Sunday, April 10, 2011

The Three Princesses and the Mud Dwarf

Maria, Olga and Anna had finally coaxed their teacher to stop teaching: the trick was to get his pupils to dilate and his jaw to slacken, then his head would sort of withdraw into his chest cavity and stars would emerge from his eye sockets and revolve, predictably, around his head. He would become a planetarium. The lights would dim, and the unknowable secrets of deep space began to glow from the recesses of the kitchen. Spiral galaxies, dark spectral maneuvers, and vaguely familiar space gods would become visible, just barely in one’s peripheral vision, right where one would usually put away the drinking glasses. This was when the three princesses could slowly back away from Ali Qushji and slip out through the star-spangled wooden back door, and out into the woods.

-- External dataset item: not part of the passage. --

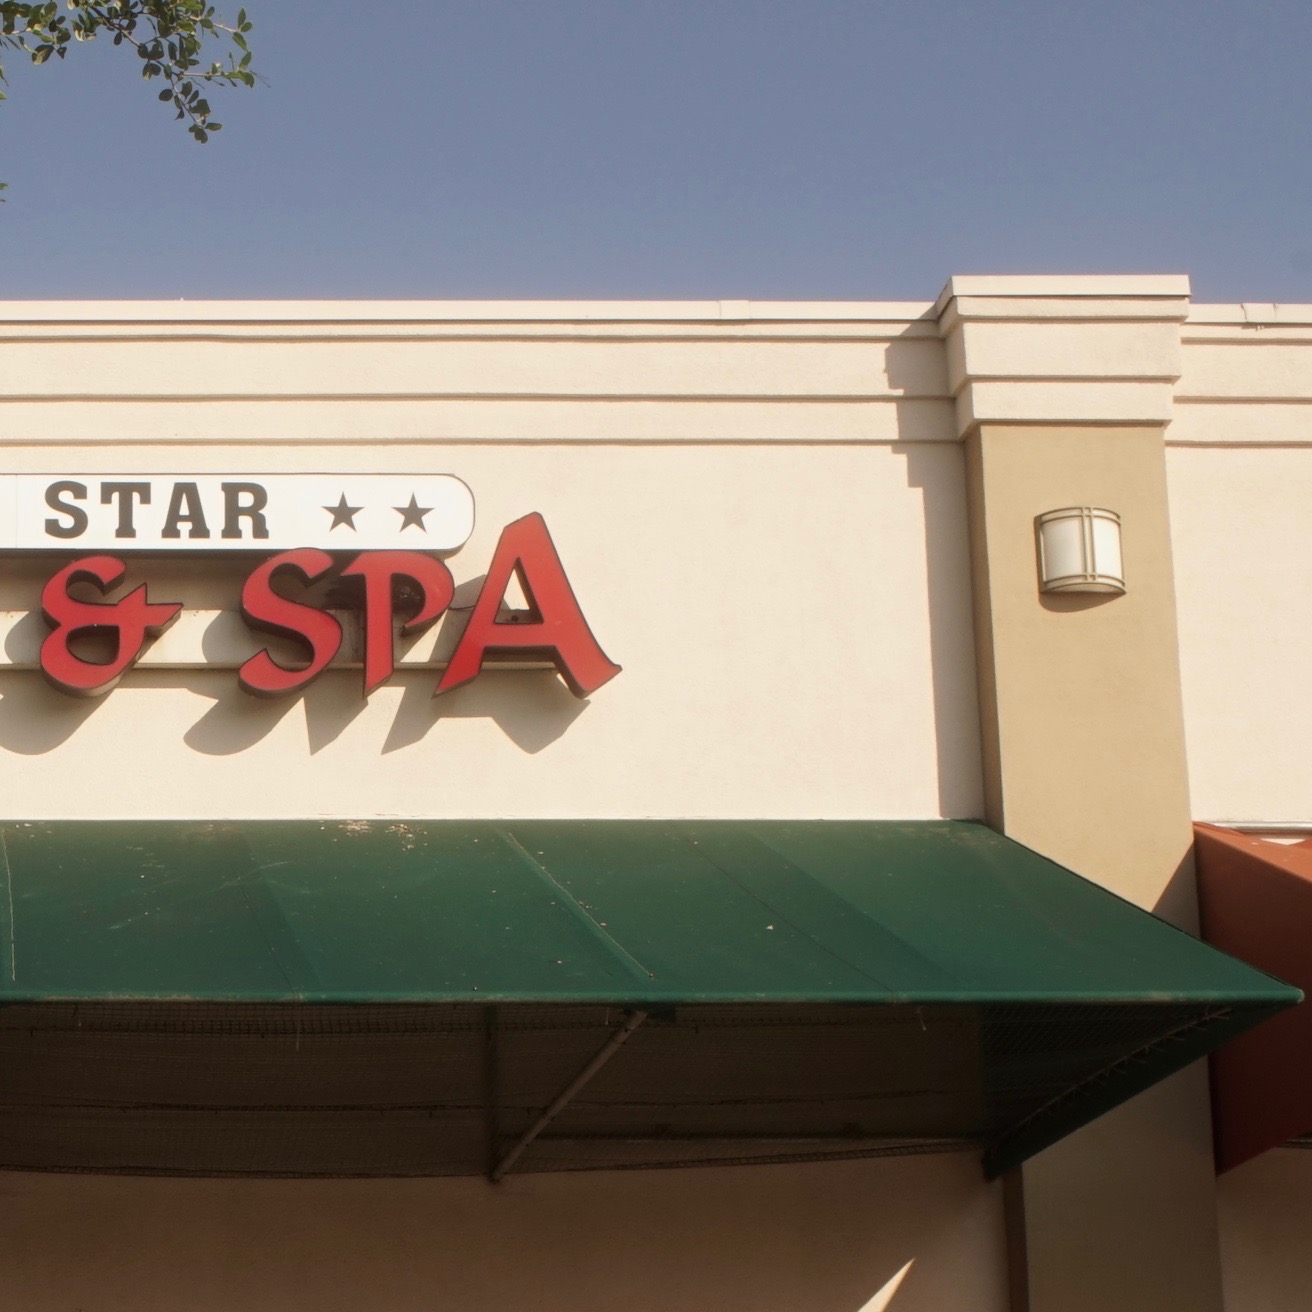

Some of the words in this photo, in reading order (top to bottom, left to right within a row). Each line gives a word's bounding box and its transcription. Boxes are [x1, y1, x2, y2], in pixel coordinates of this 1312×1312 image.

[42, 480, 271, 540] STAR
[41, 556, 184, 699] &
[237, 510, 624, 699] SPA

After a long while or a short while, they were as lost as they had hoped to get. There were no paths through the pine needles, or everything was a path. There was a vague sound of cheering coming from the horizon, but who knows what direction that was. There were wildflowers, ferns and club moss, and mushrooms, and a rusty sleigh in the mud. There were two muddy leather boots that were on the sleigh, and the moss grew enthusiastically from the stitching that held the sole to the last. Why a last? Olga gripped the wet and slippery shoe, and the mud around the sleigh began to churn angrily.

“Olga, you silly maiden! That is no last! That is a foot.” sang Anna in a teasing song. “A foot! A foot. Olga pulled the muddy foot!” Anna was only six years old.

“Be still, Anna. We can still replace the shoe on the foot and return to Ali Qushji. He may not have noticed that we left. It isn’t lunchtime yet,” mused Maria, the oldest.

So, they replaced the slippery leather shoe on the slippery wrinkled foot, and began to skip and dawdle in the bog. They dawdled toward the cheering sound. But after they dawdled for a long while or a short while, they stopped and saw another rusty sleigh! With another pair of slippery leather shoes! Or, the same sleigh!

“Oh!” giggled Anna, who began to slip wreaths of cornflowers around the ankle that was attached to the foot. She daubed angry eyes on the hairy leg that was attached to the ankle. With sticky mud. That stuck to her little fingers.

“Soon the sun will disappear! Then Papa will be exceedingly cross that we made our teacher lapse into a dissociative fugue state, and shall send us to bed without our hot kasha!” cried Olga.

Fortunately, when the sun set they were able to find their way back to the Kreml easily. For Ali Qushji, whose eyes were still rolled back in his head, and whose head was still withdrawn into his chest cavity like a box turtle, was projecting the stars out past the kitchen where the girls had their putative lessons. The stars that Ali Qushji knew were not the same stars that shined in the sky over Moscow. So the girls looked for the terrifying crab nebulae and inside-out space gods that Ali Qushji would project, overlaid on the regular stars, and they guided the girls back to the familiar fortress where their Papa gladly shouted at them and sent them to their Beds without their Hot Kasha.

And the Mud Dwarf saw the cornflowers on his ankle, and he wept.